Autonomous Practices, Autonomous Objects, Autonomous Institutions

A debate on autonomy hosted by MA Art in the Contemporary World in the context of Towards a Newer Laocoön, a solo exhibition by Sarah Pierce at NCAD Gallery, commissioned by the Irish Film Institute.

Time: Tue 6th Nov. 2012, 5:30pm
Venue: NCAD Gallery, National College of Art and Design, Thomas Street, Dublin, Ireland

Participants include: Basic Space, Adrian Duncan, Paul Ennis, Vaari Claffey, Declan Long, Francis Halsall, Emma Mahony, Glen Loughran, Isabel Nolan, Garrett Phelan, Sarah Pierce. Places are limited and booking is essential. Email – gallery@ncad.ie for reservations.

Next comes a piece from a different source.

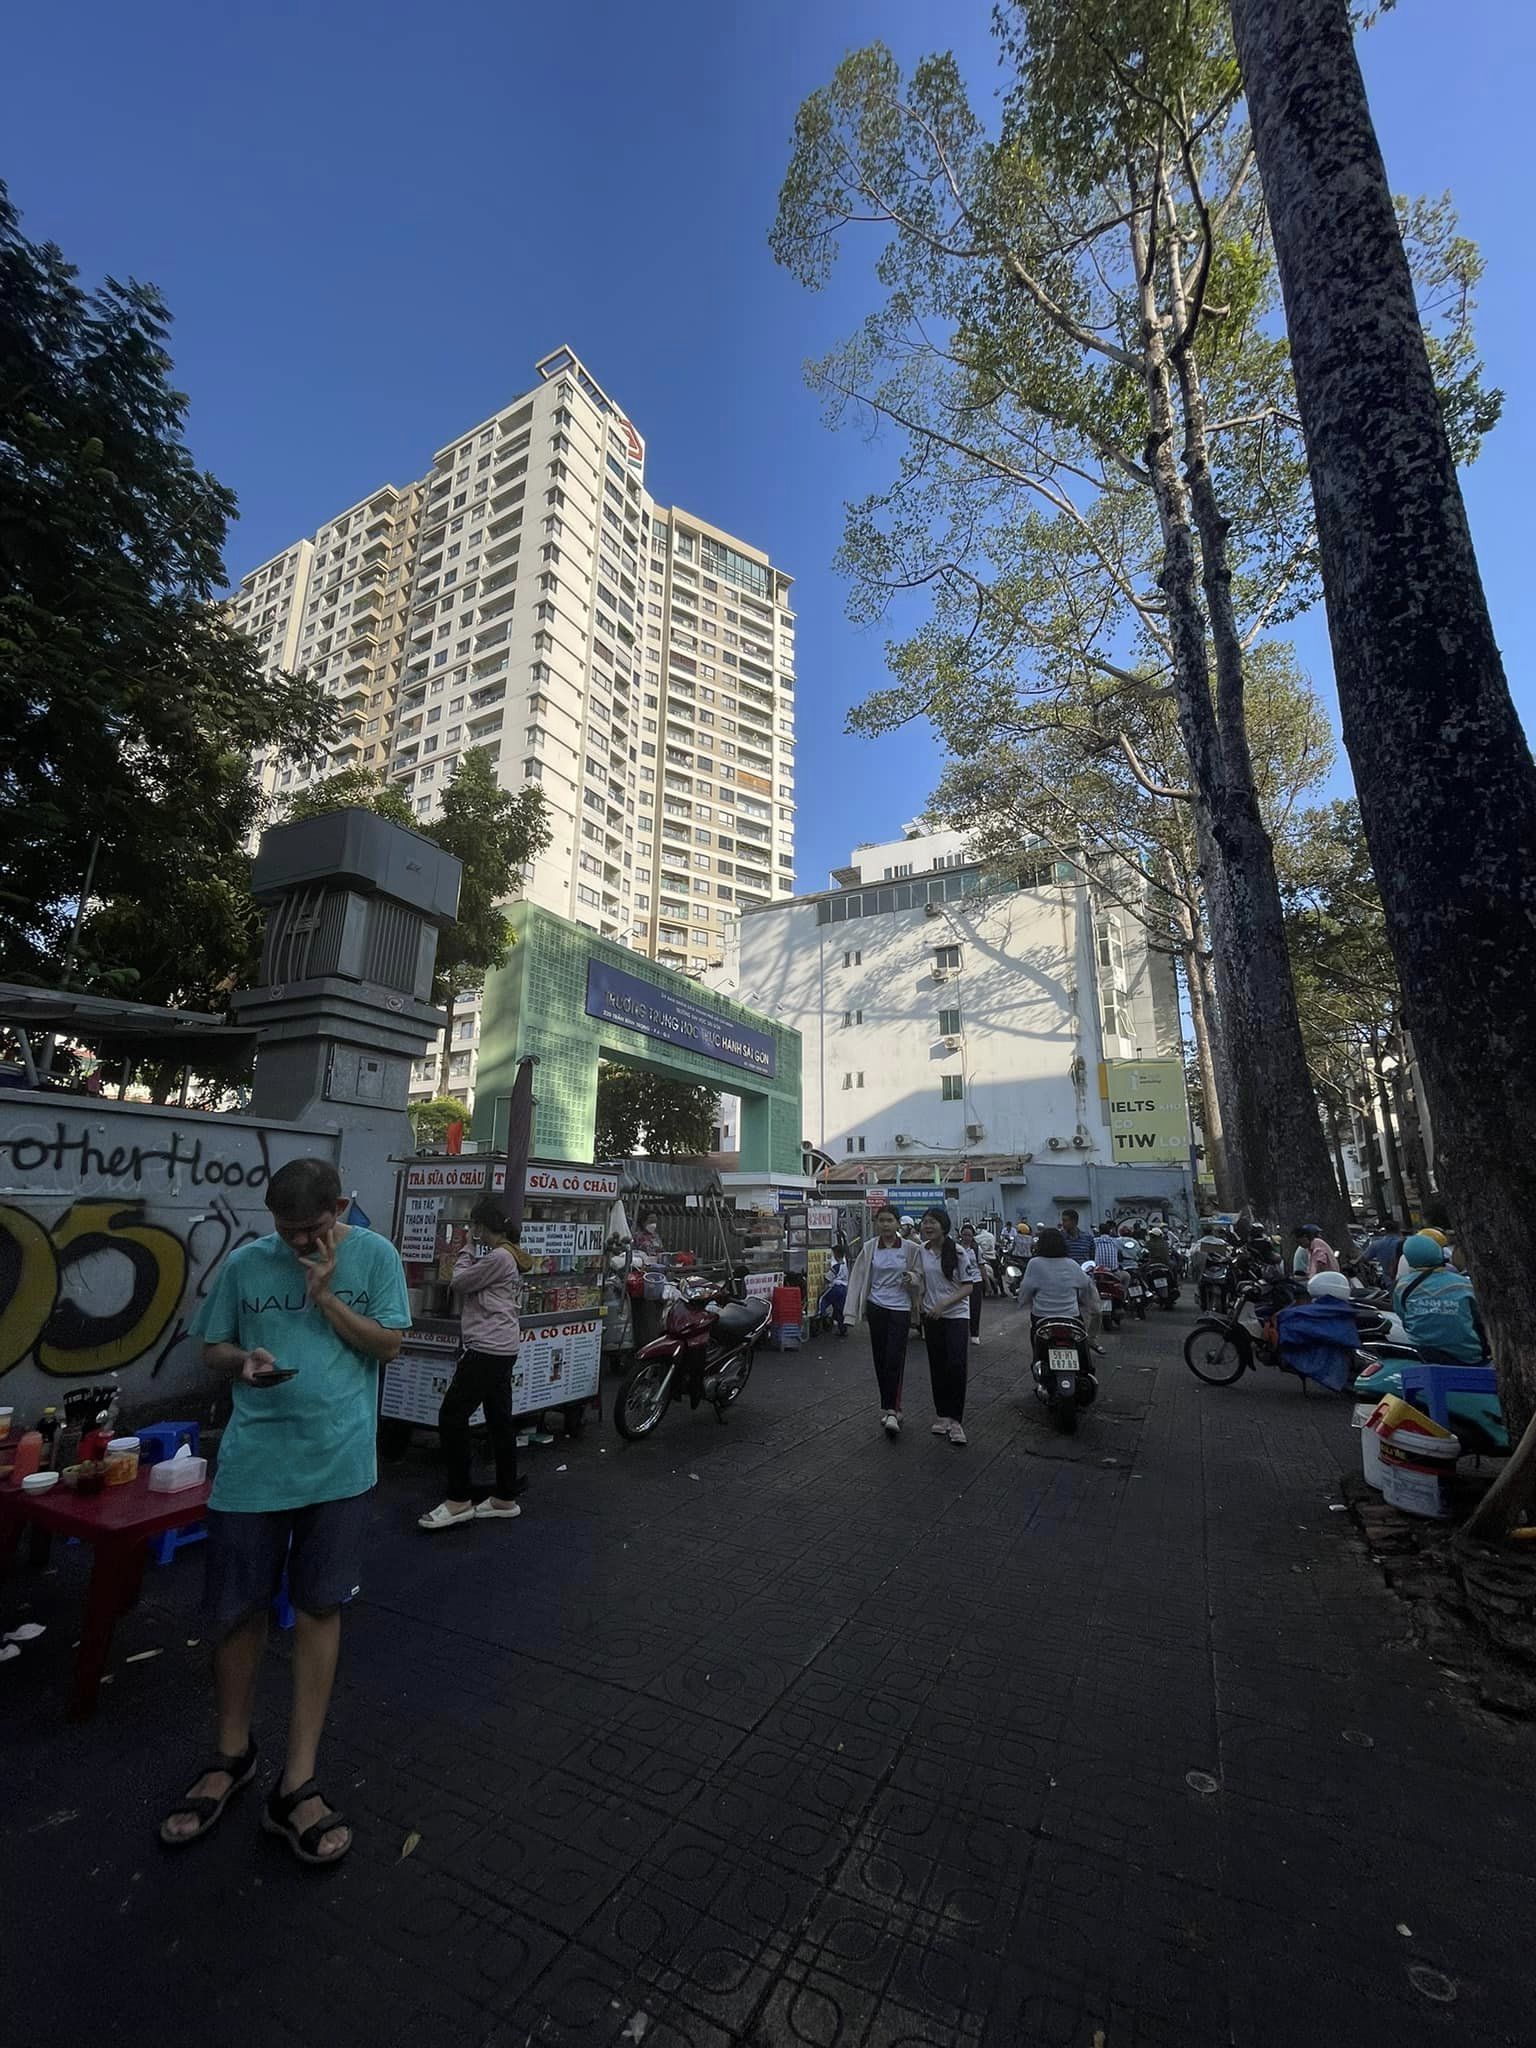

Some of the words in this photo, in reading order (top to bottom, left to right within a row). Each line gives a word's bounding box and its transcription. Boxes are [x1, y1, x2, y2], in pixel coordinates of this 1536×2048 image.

In 1972 Robert Smithson published the following statement in the Documenta 5 catalogue as his only contribution to the exhibition.

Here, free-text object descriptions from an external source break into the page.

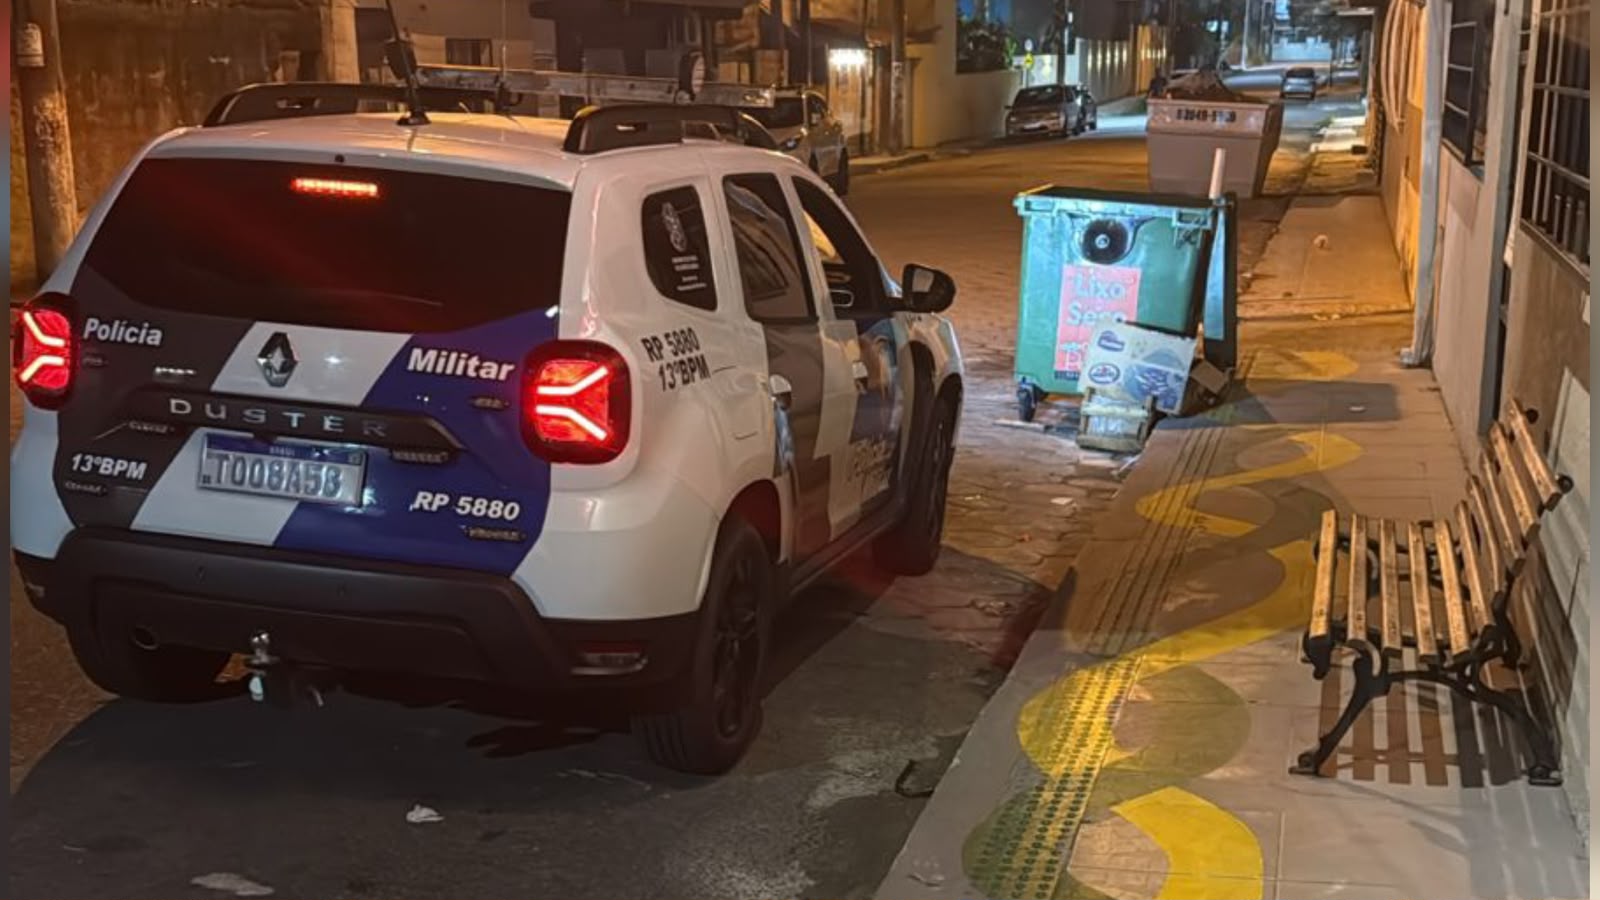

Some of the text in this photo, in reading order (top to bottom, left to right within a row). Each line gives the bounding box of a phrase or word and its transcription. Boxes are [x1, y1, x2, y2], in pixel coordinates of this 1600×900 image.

[1073, 270, 1126, 299] Lixo
[83, 317, 163, 346] Polícia
[641, 327, 700, 363] RP 5880
[407, 347, 515, 381] Militar
[169, 398, 388, 437] DUSTER
[411, 491, 520, 521] RP 5880

Cultural confinement takes place when a curator imposes his own limits on an art exhibition, rather than asking an artist to set his limits. Artists are expected to fit into fraudulent categories. Some artists imagine they’ve got a hold on this apparatus, which in fact has got a hold of them. As a result, they end up supporting a cultural prison that is out of their control. Artists themselves are not confined, but their output is. Museums, like asylums and jails, have wards and cells- in other words, neutral rooms called ‘galleries’

Read in the context of a subsequent advert which Smithson co-wrote in Artforum (June 1972) condemning outright not only Documenta but curated shows in general it can be seen clearly as an antagonistic response to the curatorial strategies of Harald Szeemann in the name of autonomy. Just the previous year Clement Greenberg (not an obvious ally to Smithson) made a claim which, at first glance, seems very similar:

Art is autonomous; its there for its own human sake, sufficient to its own human self, but this doesn’t seal it off from society or history. What its autonomy does mean is that it serves humanity on its own terms, i.e. by providing aesthetic value or quality. (Homemade Aesthetics).

And more recently, Bruno Latour has questioned the autonomy of the artist:

We think that if politics is the art of the possible, as the saying goes, then we need political art to open this up, this ‘possible’ or to multiply this possibility. So the appearance of an avant-garde, autonomous artist expressing a deep insight without inquiries, without knowledge of the world, with no connection with science, that is certainly out.(interviewed by F.Halsall in Society and Space)

During an evening of discussion participants including artists, philosophers, gallerists and activists will present alternating arguments for and against “autonomy” in aesthetic, artistic and cultural practices.